The report by John Dugard, independent investigator on the Israeli-Palestinian conflict for the council, is to be presented next month, but it has been posted on the body's Web site. In it, Dugard, a South African lawyer who campaigned against apartheid in the 1980s, says "Israel's laws and practices in the (Palestinian territories) certainly resemble aspects of apartheid."

The 24-page report catalogues a number of accusations against the Jewish state ranging from restrictions on Palestinian movement, house demolitions and preferential treatment given to Jewish settlers in the West Bank.

"Can it seriously be denied that the purpose of such action is to establish and maintain domination by one racial group - Jews - over another racial group - Palestinians - and systematically oppress them?" he asks.

Israel says it aims mainly to prevent Palestinian suicide bombings and other attacks that have killed more than 1,000 Israelis in the past six years, and officials note that violence broke out in 2000 after Israel's proposal to pull out of the vast majority of the West Bank and Gaza in exchange for peace was rejected.

Its ambassador in Geneva criticized Dugard for directing attacks only at the Jewish state. "Any conclusions he may draw are therefore fundamentally flawed and purposely biased," said Yitzhak Levanon.

The report will be presented next month at the 47-nation rights council's first session of the year.

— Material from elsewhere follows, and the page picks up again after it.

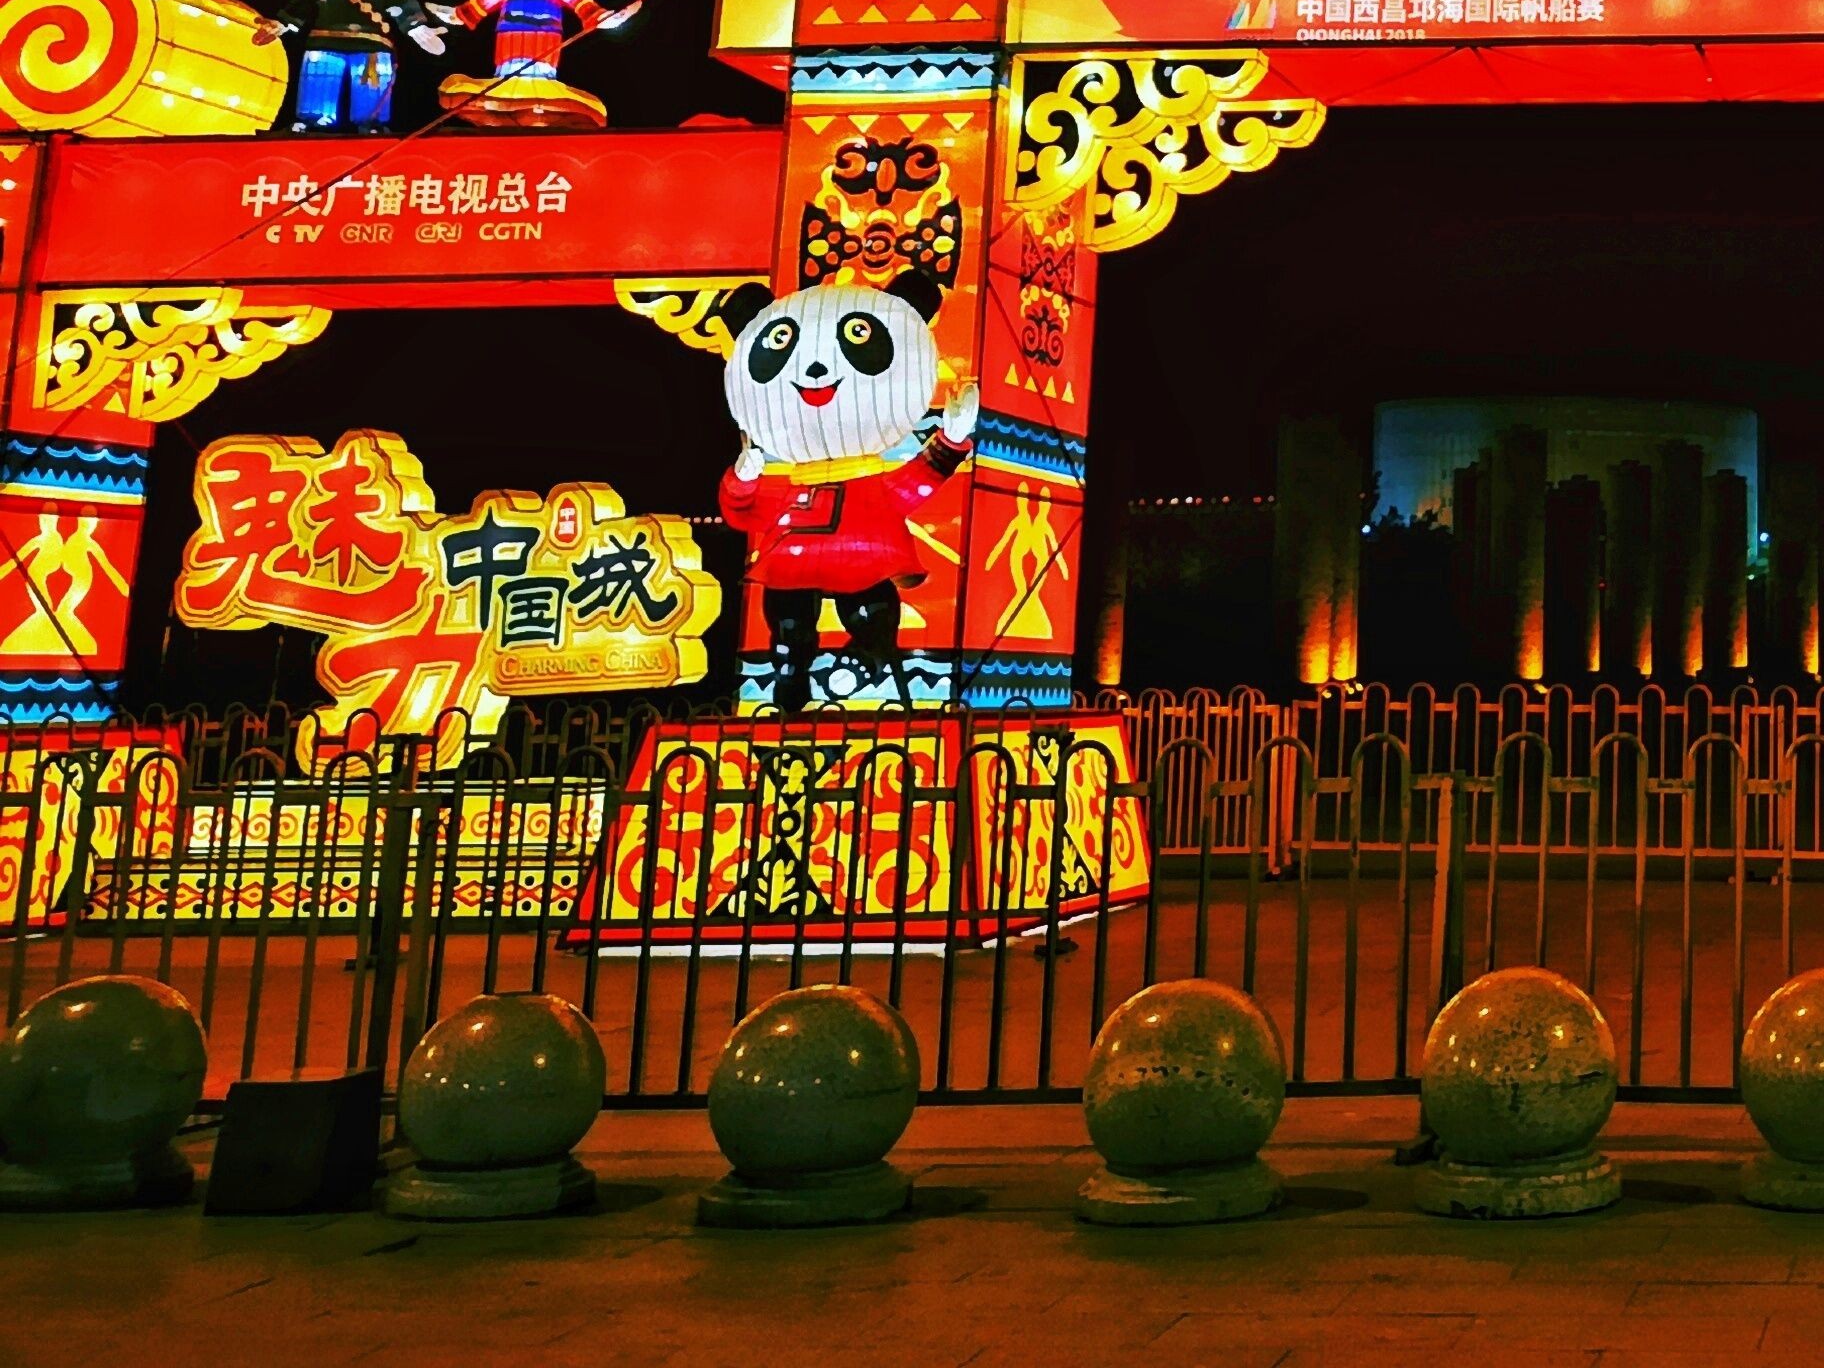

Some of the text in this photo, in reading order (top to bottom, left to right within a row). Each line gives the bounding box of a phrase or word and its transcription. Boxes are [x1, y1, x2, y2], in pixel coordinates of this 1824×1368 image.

[241, 171, 573, 217] 中央广播电视总台
[479, 221, 543, 241] CGTN

The new body has been widely criticized - even by its founder, former UN Secretary-General Kofi Annan - for only censuring one government in the world, Israel's, over alleged abuses.

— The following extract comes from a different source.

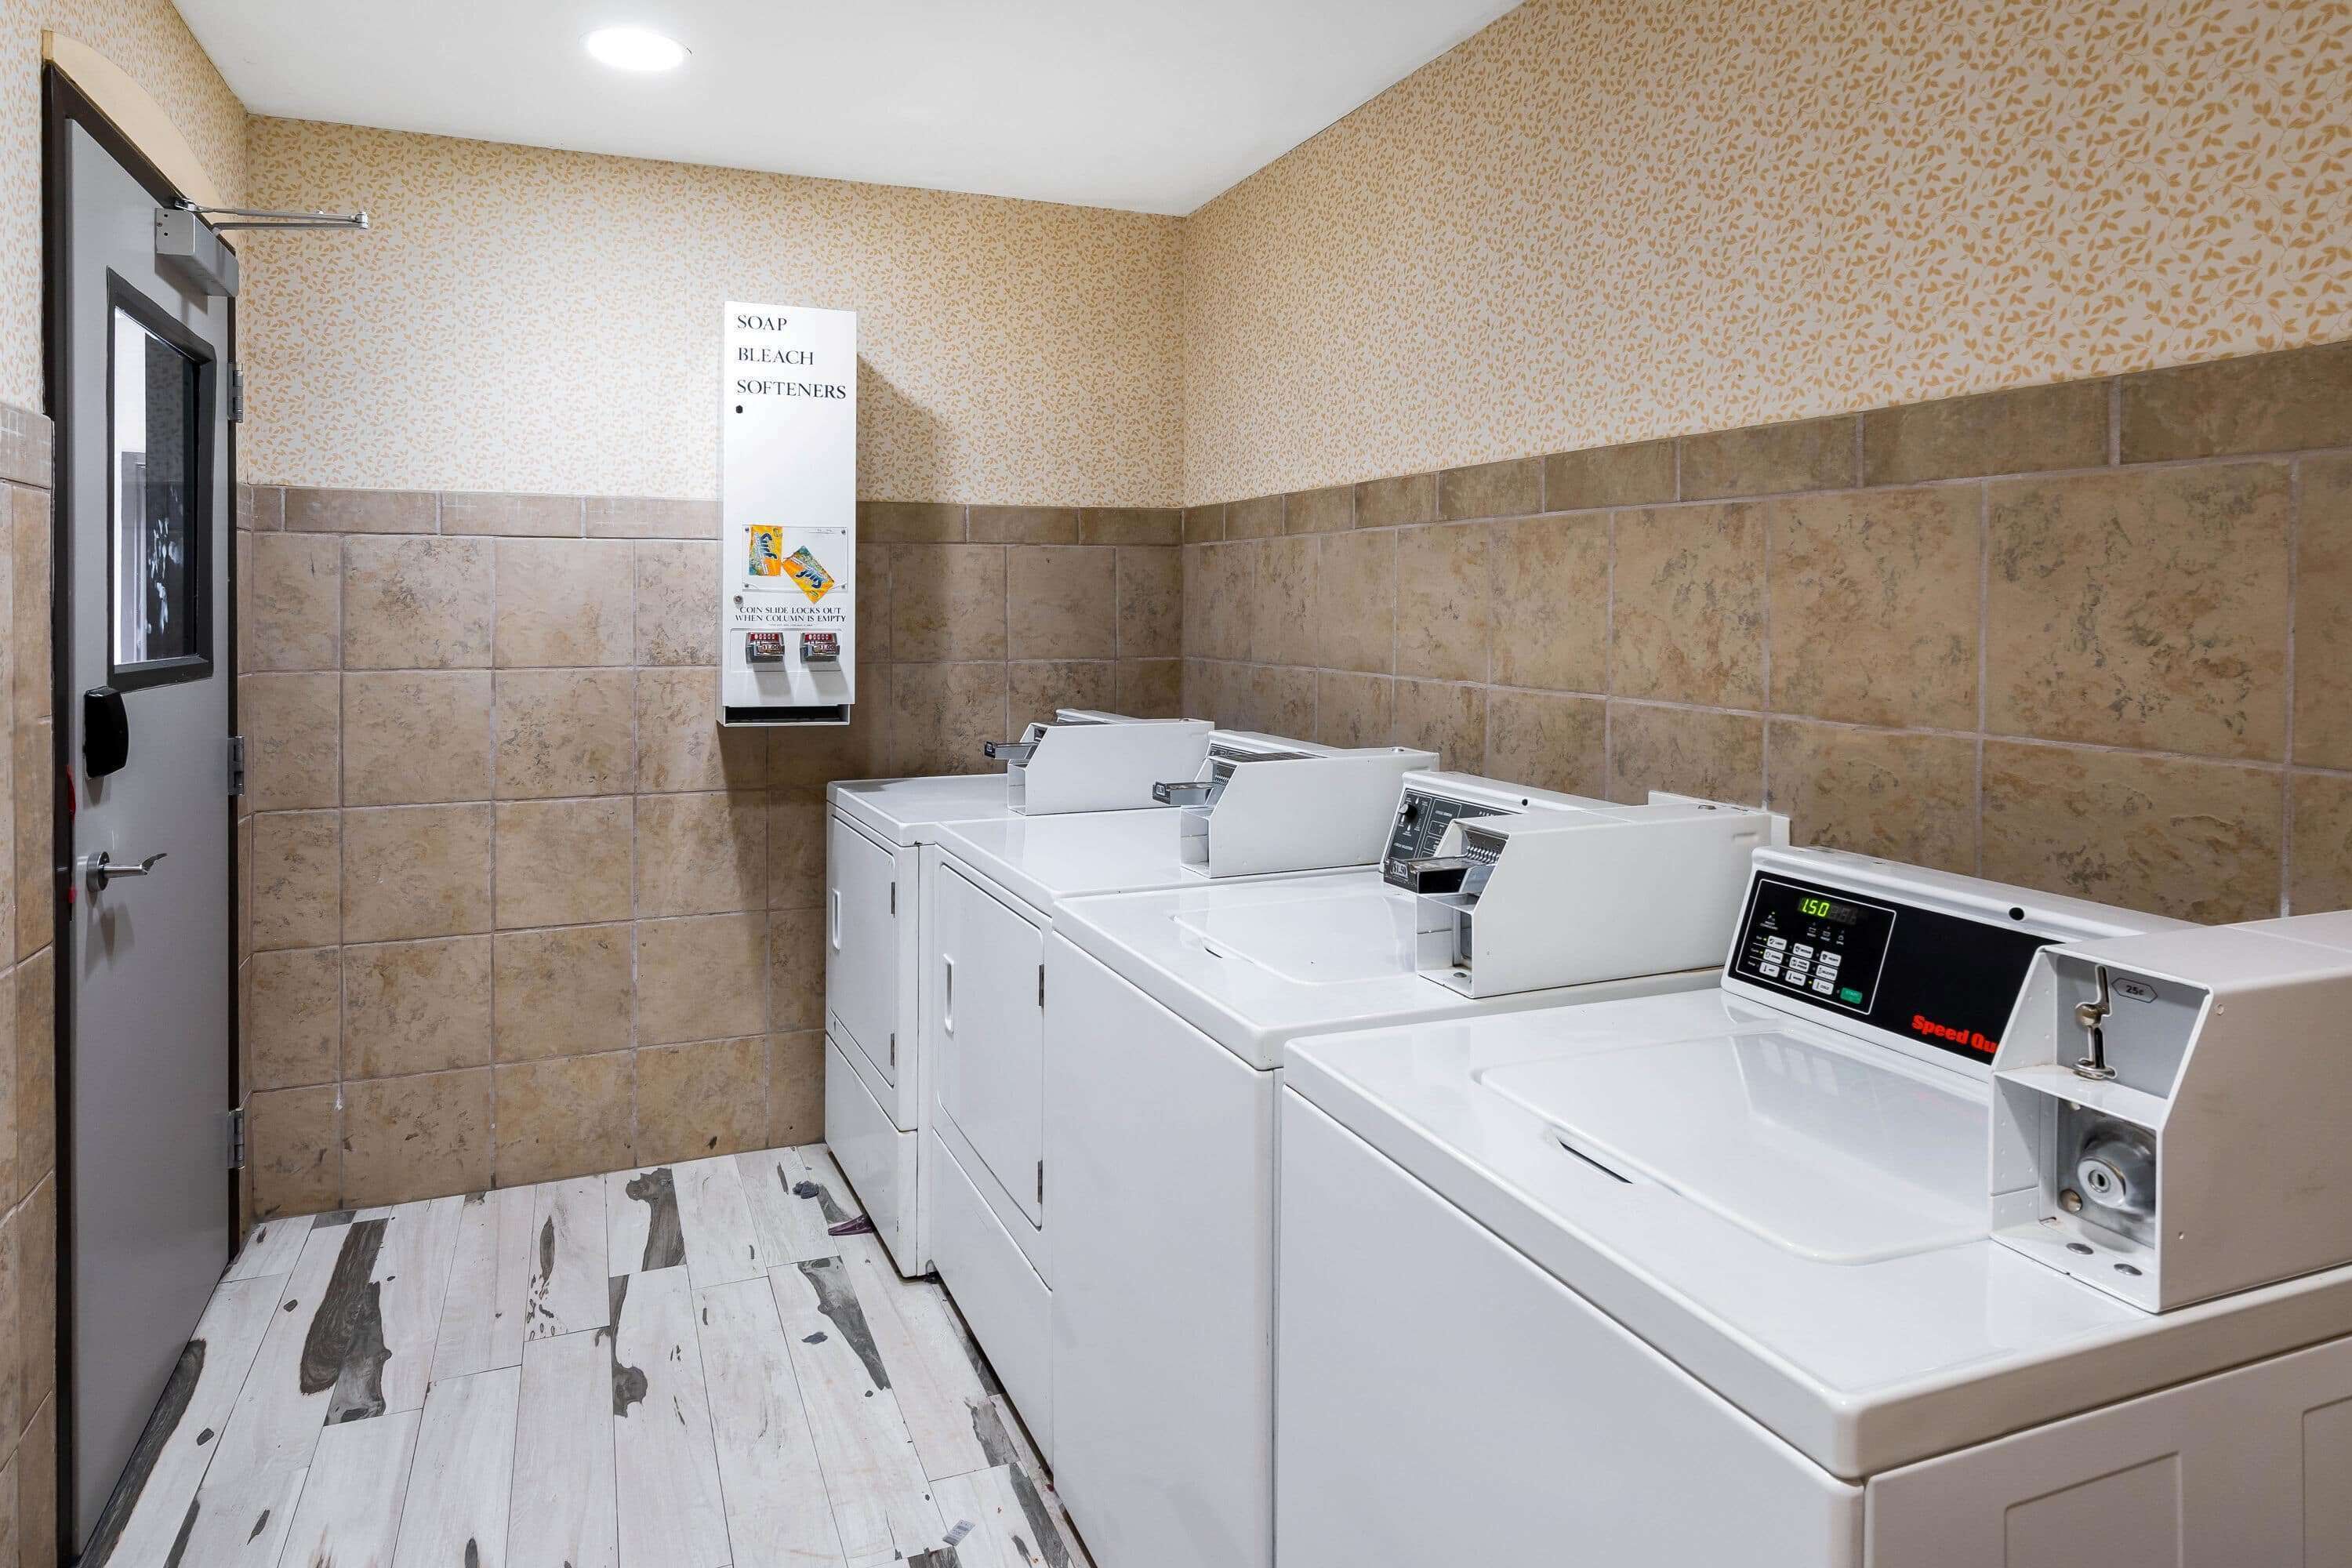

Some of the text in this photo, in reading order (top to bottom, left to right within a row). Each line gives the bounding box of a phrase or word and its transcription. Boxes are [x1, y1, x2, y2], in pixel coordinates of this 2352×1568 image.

[737, 314, 787, 331] SOAP
[739, 347, 814, 365] BLEACH
[737, 379, 847, 399] SOFTENERS
[1912, 1014, 1969, 1044] Speed

Dugard's report accuses Israel of "terror" by F16 fighter jets setting off sonic booms above residential areas. In the West Bank "residents live in fear of settler terror."

He says it is "grossly inaccurate" to say Israel's 2005 removal of settlers and soldiers from Gaza constituted an end to its occupation of that territory, captured from Egypt in the 1967 war. "Israel retained control of Gaza's air space, sea space and external borders, and the border crossings," he writes. "Gaza became a sealed off, imprisoned and occupied territory."

War crimes have been committed by both sides, he says: "This applies to Palestinians who fire Kassam rockets into Israel; and more so to members of the IDF (Israeli Defense Force) who have committed such crimes on a much greater scale."

Dugard was appointed in 2001 as an unpaid expert by the now-defunct UN Human Rights Commission to investigate only violations by the Israeli side, prompting Israel and the United States to dismiss his reports as one-sided. Israel refused to allow him to conduct a fact-finding mission on its Gaza offensive last summer.